--- START ---
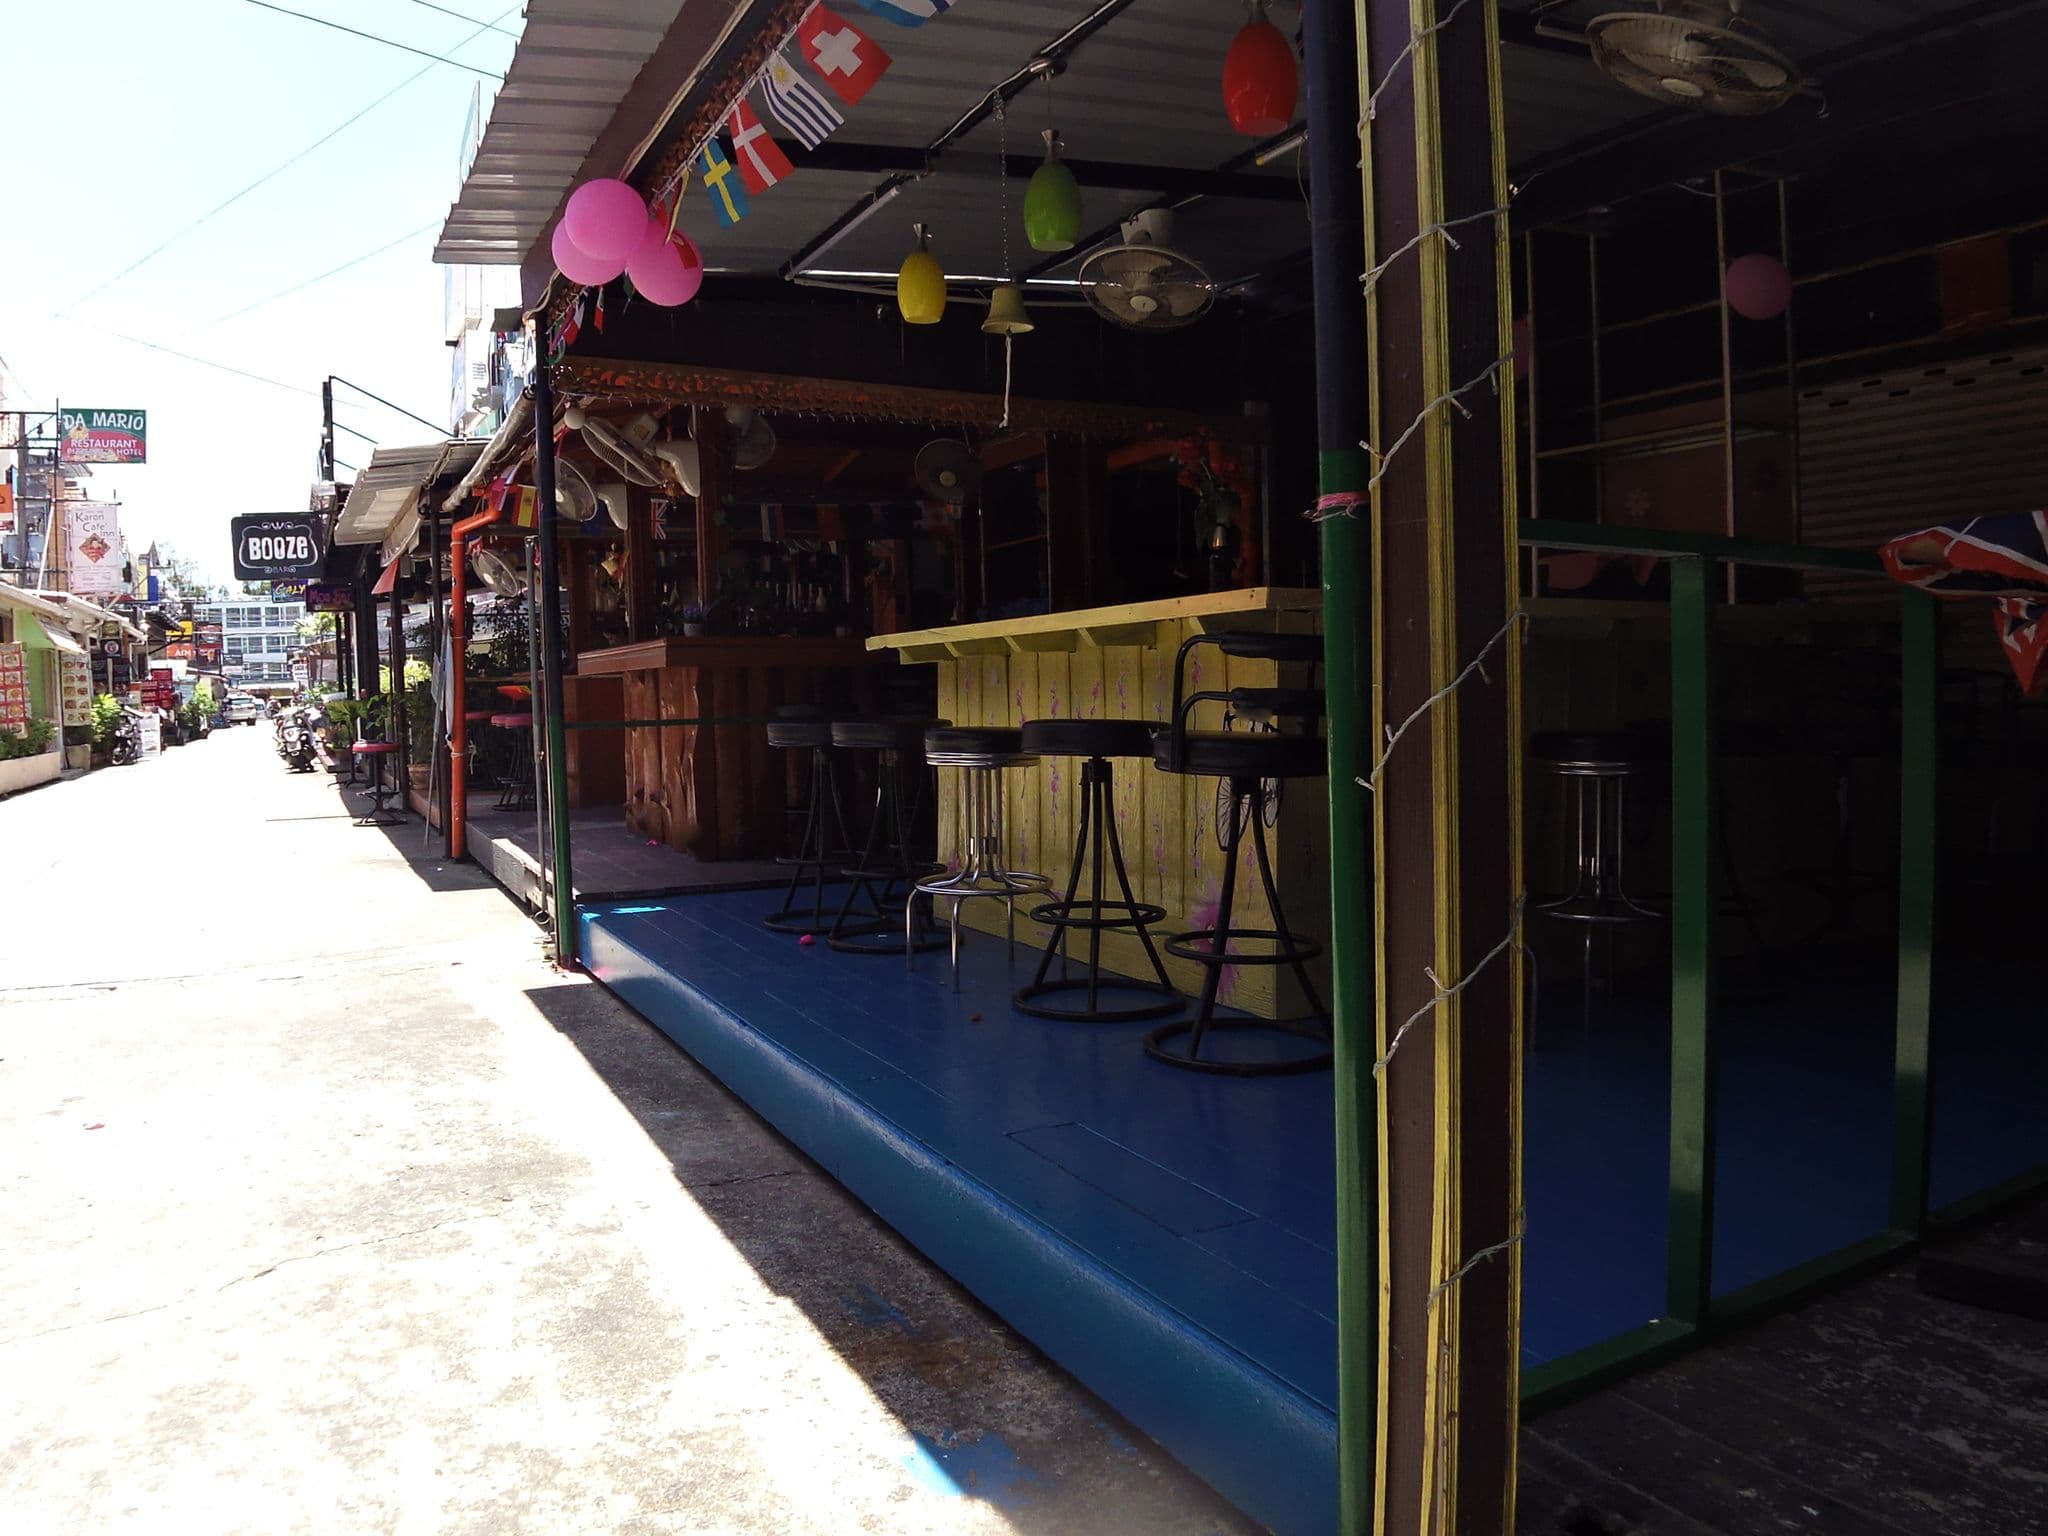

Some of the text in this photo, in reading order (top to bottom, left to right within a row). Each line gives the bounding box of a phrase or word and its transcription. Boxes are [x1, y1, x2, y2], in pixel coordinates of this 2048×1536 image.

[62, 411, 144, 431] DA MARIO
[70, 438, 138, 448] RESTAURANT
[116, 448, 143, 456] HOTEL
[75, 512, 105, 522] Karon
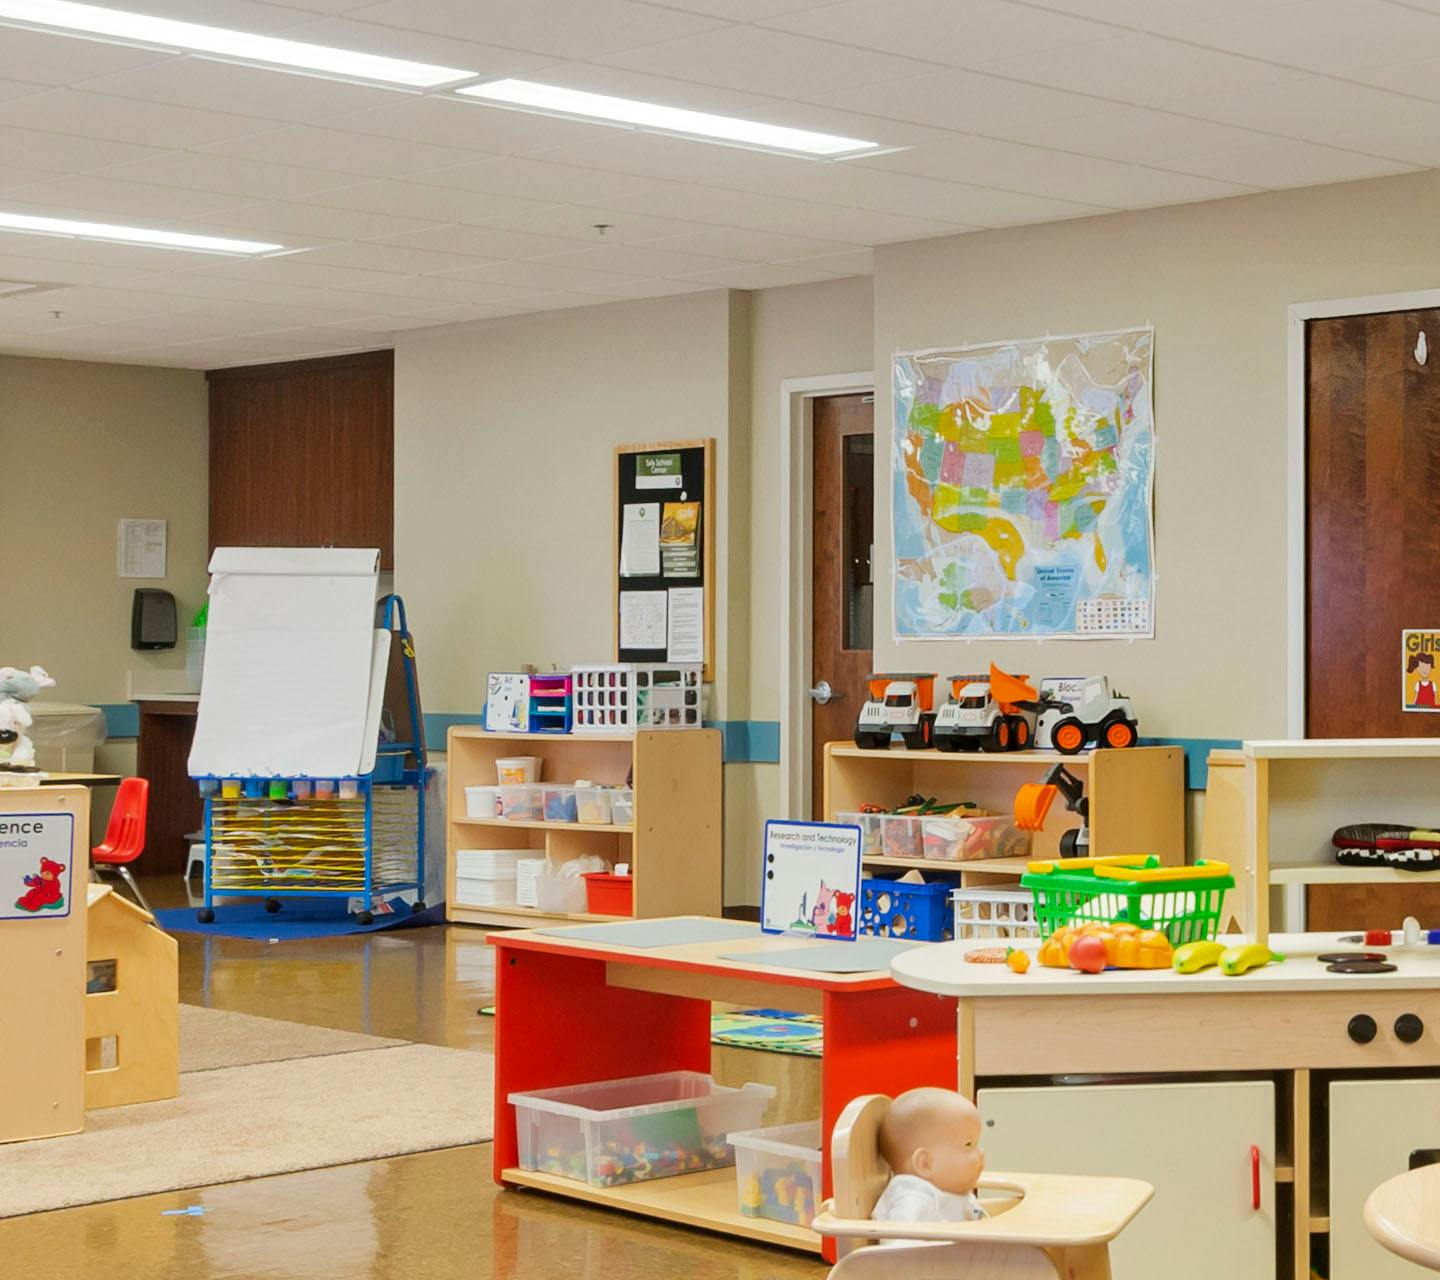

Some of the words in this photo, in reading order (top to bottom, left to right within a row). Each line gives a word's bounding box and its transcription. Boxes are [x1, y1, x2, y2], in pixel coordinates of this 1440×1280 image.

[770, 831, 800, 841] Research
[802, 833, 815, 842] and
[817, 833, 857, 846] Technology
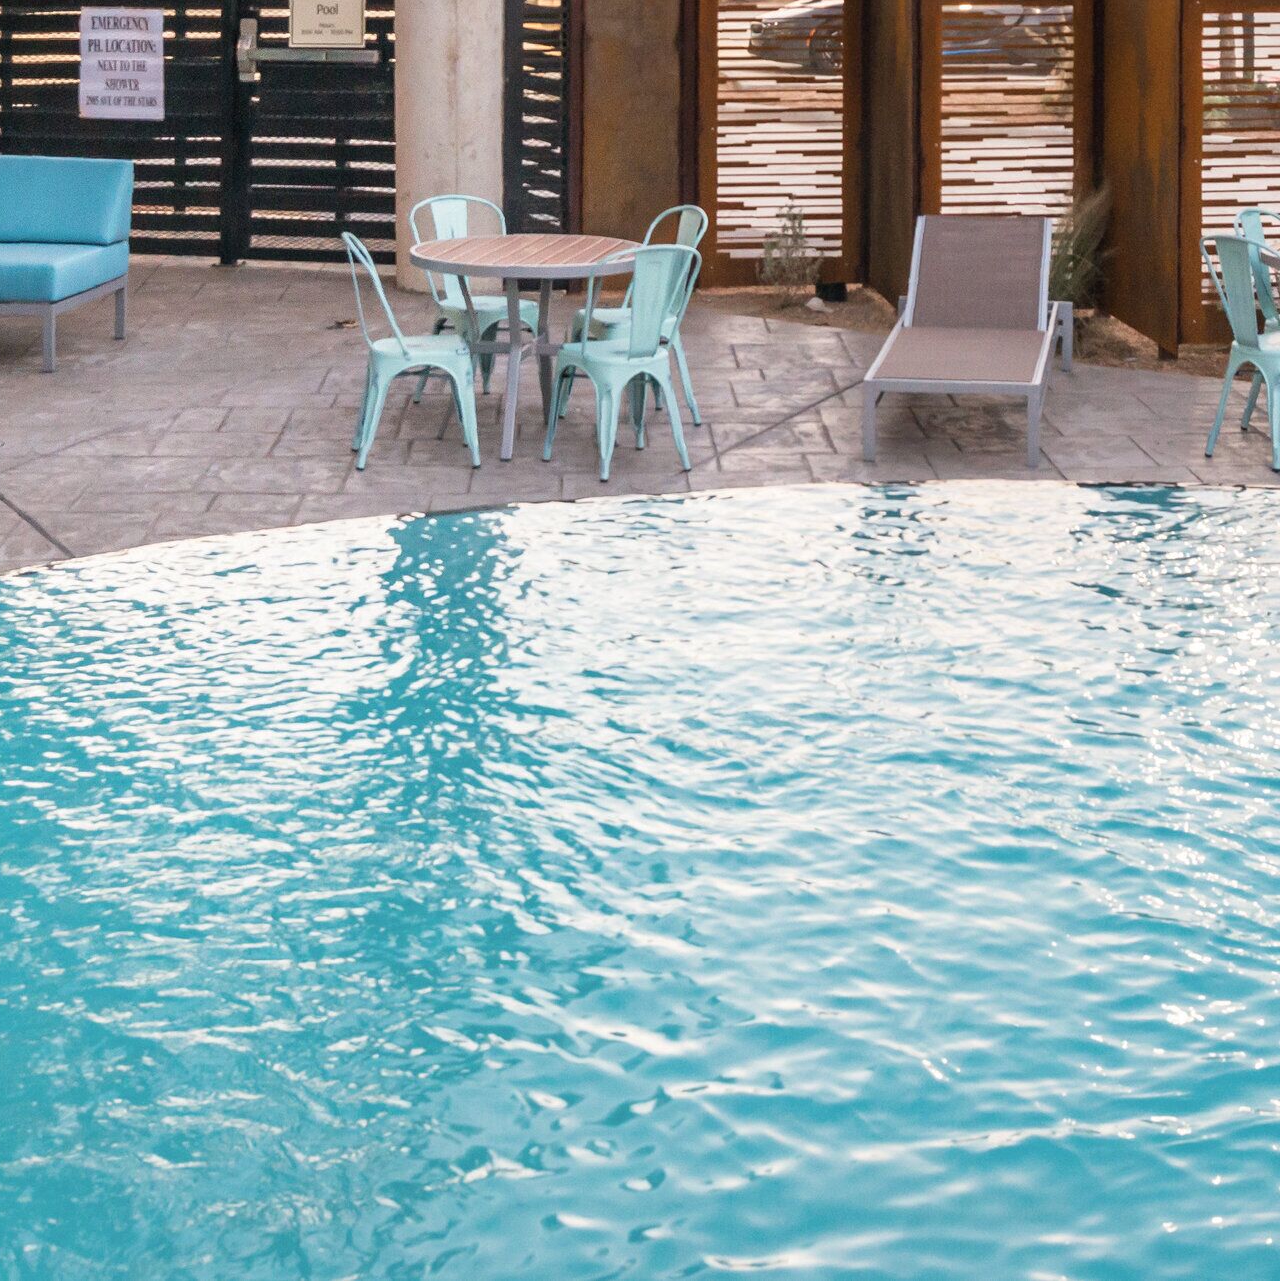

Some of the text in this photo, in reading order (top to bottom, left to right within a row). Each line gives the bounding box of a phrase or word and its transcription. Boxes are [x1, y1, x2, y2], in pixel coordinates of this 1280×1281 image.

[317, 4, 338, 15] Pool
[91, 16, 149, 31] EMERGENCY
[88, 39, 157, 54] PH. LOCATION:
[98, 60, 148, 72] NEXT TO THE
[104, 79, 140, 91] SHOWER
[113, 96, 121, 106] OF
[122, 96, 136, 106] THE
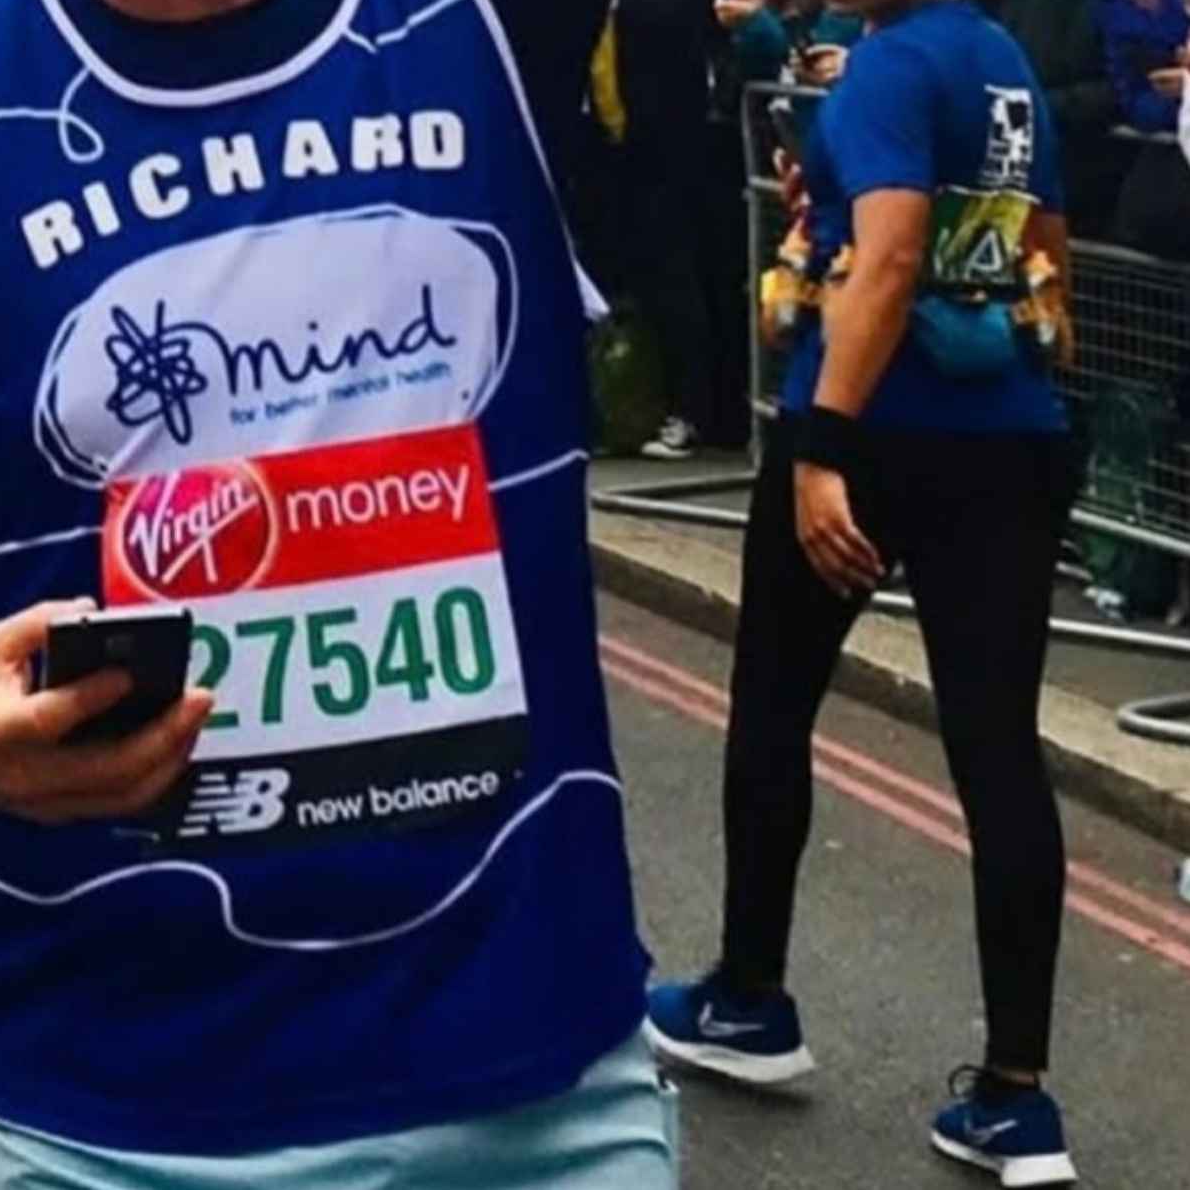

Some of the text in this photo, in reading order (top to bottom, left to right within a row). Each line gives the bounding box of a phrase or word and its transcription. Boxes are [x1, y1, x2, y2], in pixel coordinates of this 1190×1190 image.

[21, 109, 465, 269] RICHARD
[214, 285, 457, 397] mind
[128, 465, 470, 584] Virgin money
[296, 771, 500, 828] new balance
--- END ---
Your objective ::
Print all entries exactly, without images.

Answer to this task ::
Some of the text in this photo, in reading order (top to bottom, left to right within a row). Each line gives the bounding box of a phrase or word and its transcription. Boxes are [x1, y1, x2, y2], in pixel coordinates of this 2048×1536 image.

[62, 411, 144, 431] DA MARIO
[70, 438, 138, 448] RESTAURANT
[116, 448, 143, 456] HOTEL
[75, 512, 105, 522] Karon

Some of the words in this photo, in reading order (top to bottom, left to right within a row). Each line gives a word's bounding box and its transcription. Boxes are [x1, y1, x2, y2], in pixel coordinates of this 1440×1280 image.

[770, 831, 800, 841] Research
[802, 833, 815, 842] and
[817, 833, 857, 846] Technology

Some of the text in this photo, in reading order (top to bottom, left to right within a row). Each line gives the bounding box of a phrase or word and its transcription. Boxes are [x1, y1, x2, y2], in pixel coordinates of this 1280×1281 image.

[317, 4, 338, 15] Pool
[91, 16, 149, 31] EMERGENCY
[88, 39, 157, 54] PH. LOCATION:
[98, 60, 148, 72] NEXT TO THE
[104, 79, 140, 91] SHOWER
[113, 96, 121, 106] OF
[122, 96, 136, 106] THE

Some of the text in this photo, in reading order (top to bottom, left to right within a row). Each line gives the bounding box of a phrase or word and its transcription. Boxes are [x1, y1, x2, y2], in pixel coordinates of this 1190×1190 image.

[21, 109, 465, 269] RICHARD
[214, 285, 457, 397] mind
[128, 465, 470, 584] Virgin money
[296, 771, 500, 828] new balance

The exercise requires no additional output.